Although marketed as an SUV, with vaguely SUV styling and permanent all-wheel drive, the Sorento is really a thinly disguised “people carrier” of the type that used to be tremendously popular. Remember the Renault Espace – capacious, clever, desirable, but now disappeared from the UK scene?
Remember, for that matter, the Kia Sedona, a more value-oriented version of the same concept, a multi-purpose vehicle that sold well but which, like the Espace, is no longer on sale in the UK.

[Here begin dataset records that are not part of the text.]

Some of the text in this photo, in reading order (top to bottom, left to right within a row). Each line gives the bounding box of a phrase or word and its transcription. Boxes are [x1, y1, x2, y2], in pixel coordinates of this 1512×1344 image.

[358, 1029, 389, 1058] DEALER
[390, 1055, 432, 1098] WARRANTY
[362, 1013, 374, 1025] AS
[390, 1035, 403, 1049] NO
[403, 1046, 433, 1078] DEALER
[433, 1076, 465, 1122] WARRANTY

There are a few survivors from the people carrier boom. If you want to carry six passengers (plus driver) you can buy a purpose-built boxy people carrier from Vauxhall (Zafira), Ford (S-Max and Galaxy), Volkswagen (Sharan) and Seat (Alhambra), but they’re all probably on the way out, victims of changing tastes and fashion.
Like so many creatures in the natural world, they are being driven to extinction by loss of habitat (ie willing buyers) and fierce predation (by premium brands and SUVs). The car market is nothing if not Darwinian. On the whole, the passing of the people carrier or MPV (“multi-purpose vehicle”, as the car companies called them) is to be deplored.
They were lighter and, thus, more environmentally friendly than their successors, less expensively engineered and complex to look after, and thus with lower running costs and longer prospective lives, and were usually a bit smaller than the behemoth SUVs that clog up city streets, country lanes and car parks.
As it happens, the Kia Sorento is actually built on the same base as the Sedona, which explains the relatively low stance, which is no bad thing, as, other things being equal we all know the dynamic benefits of a low centre of gravity, don’t we?
Good. Not that the Sorento is a great handler. It only comes as a 2.2-litre four-cylinder diesel, which means that it does well to be as pleasant a drive as it is.
The eight-speed automatic gearbox works OK, though I see there is a manual option, which some will favour. For what it is, the Sorento works well – relatively refined, comfortable, nice light steering, ideal for the sorts of work the vehicle will be put to; drivers will also appreciate, on the better-specced versions, satnav, driver aids such as adaptable cruise control and assisted steering, and the parking cameras. Without them parking your bus requires extrasensory perception.
The only substantial fault I can find with the Sorento is the interior. It is of good quality, but it lacks panache. It is odd, that, because so many of Kia’s recent designs have been almost painfully funkadelic: the sexy Stinger GT saloon; the on-trend Stonic (a Citroen Cactus lookalike); and the Soul, which has been out a few years now but still manages to look fresh and different.
The Sorento feels much more like a throwback to the days when Kia was an exclusively Korean concern, with conservative tastes, rather than the transnational concern it is now, with partner Hyundai, boasting design centres, factories and sales all over the globe.
It wouldn’t take much to make the Sorento a more obviously classy choice, and, more pertinently, justify the £40,000-plus price of the plusher variants.
Your Sorento will also play a little theme tune when you turn off the ignition. It sounds like a few bars from Sergei Prokofiev’s Peter and the Wolf. After a few years of ownership – and the Kia carries a 7-year warranty you’d want to get the most out of – that might get a bit irritating. I don’t think you can turn it off.
The Kia’s Euro 6 standard diesel – the latest – and a 5-star Euro NCAP safety rating also help to future-proof it to an extent; if you kept it for a decade its replacement would probably be pure electric.
Usually I’d advise a buyer to look at the cheapest entry-level version on any range of cars for the best value, but the Sorento driver and tribe really need all the toys they can get to distract them from a long journey in the company of people (ie blood relatives) they may not wish to spend such an extended time in an enclosed space with.
Just being on a bus full of screaming school kids, in other words, but more difficult to just get off and walk.